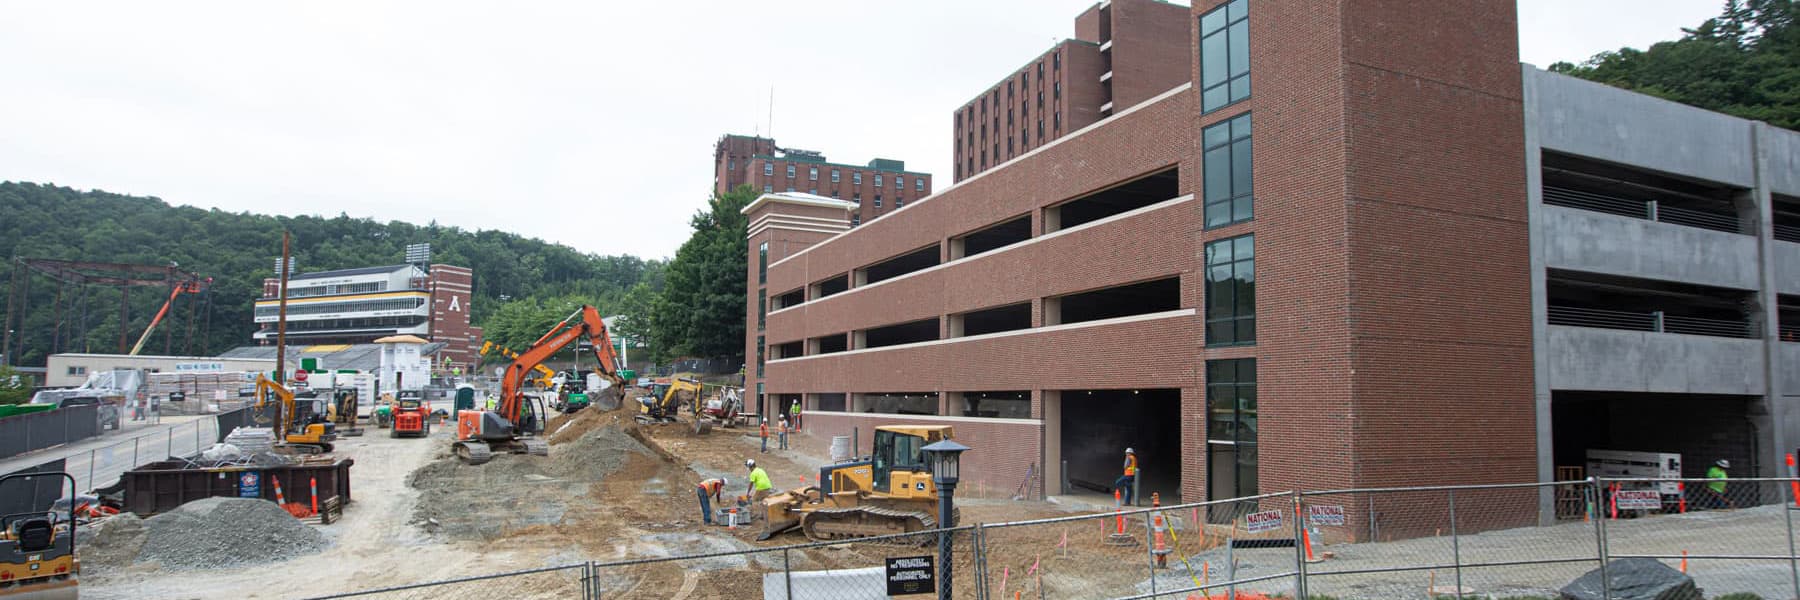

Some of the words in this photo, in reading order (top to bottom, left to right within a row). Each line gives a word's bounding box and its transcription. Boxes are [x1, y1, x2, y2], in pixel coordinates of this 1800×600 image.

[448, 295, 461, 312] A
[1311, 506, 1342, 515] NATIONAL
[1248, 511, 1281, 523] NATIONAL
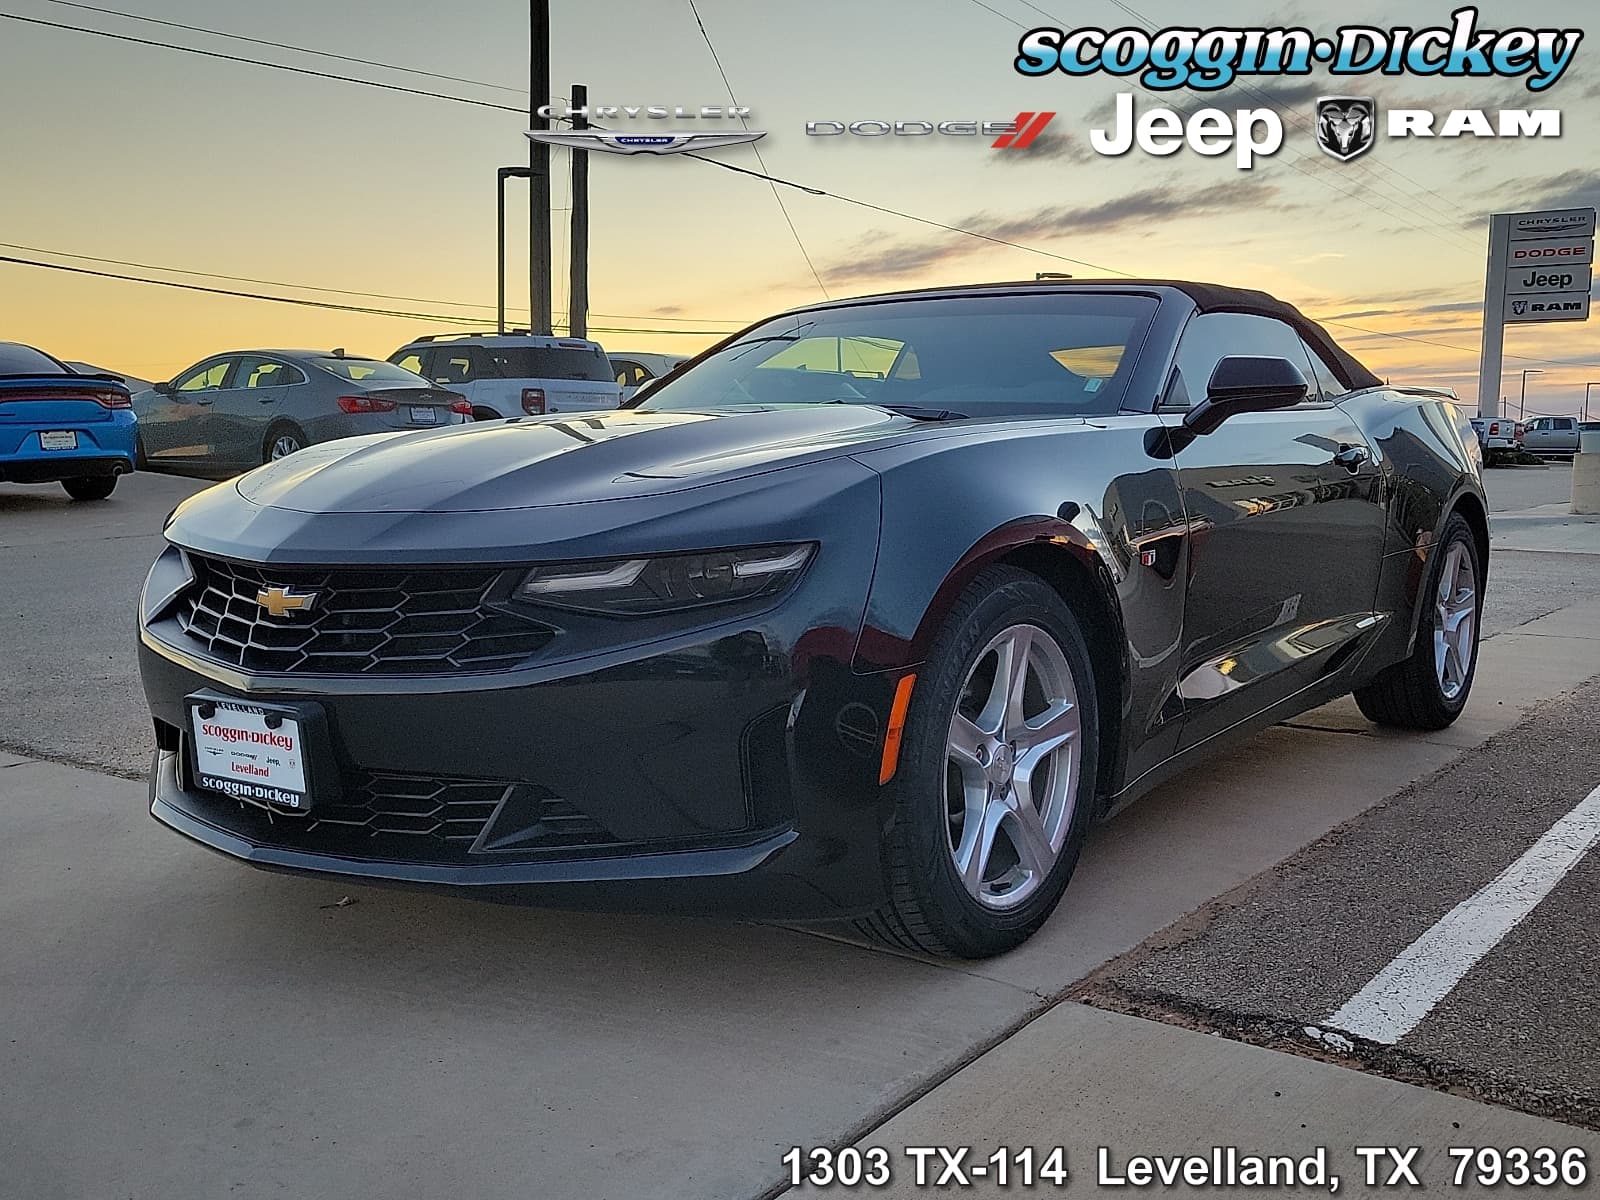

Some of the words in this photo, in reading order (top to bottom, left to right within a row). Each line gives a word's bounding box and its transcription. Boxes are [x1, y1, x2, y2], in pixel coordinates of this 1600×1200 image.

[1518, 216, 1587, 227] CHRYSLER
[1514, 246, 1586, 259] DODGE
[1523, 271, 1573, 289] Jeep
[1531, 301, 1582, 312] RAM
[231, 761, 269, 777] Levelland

* * * * * * *

### Exercise brief
Produce an exact repeat of the lines from the one containing "this 1600×1200 image." through the last line of the data, and nothing more.

### Answer section
Some of the words in this photo, in reading order (top to bottom, left to right within a row). Each line gives a word's bounding box and its transcription. Boxes are [x1, y1, x2, y2], in pixel coordinates of this 1600×1200 image.

[1518, 216, 1587, 227] CHRYSLER
[1514, 246, 1586, 259] DODGE
[1523, 271, 1573, 289] Jeep
[1531, 301, 1582, 312] RAM
[231, 761, 269, 777] Levelland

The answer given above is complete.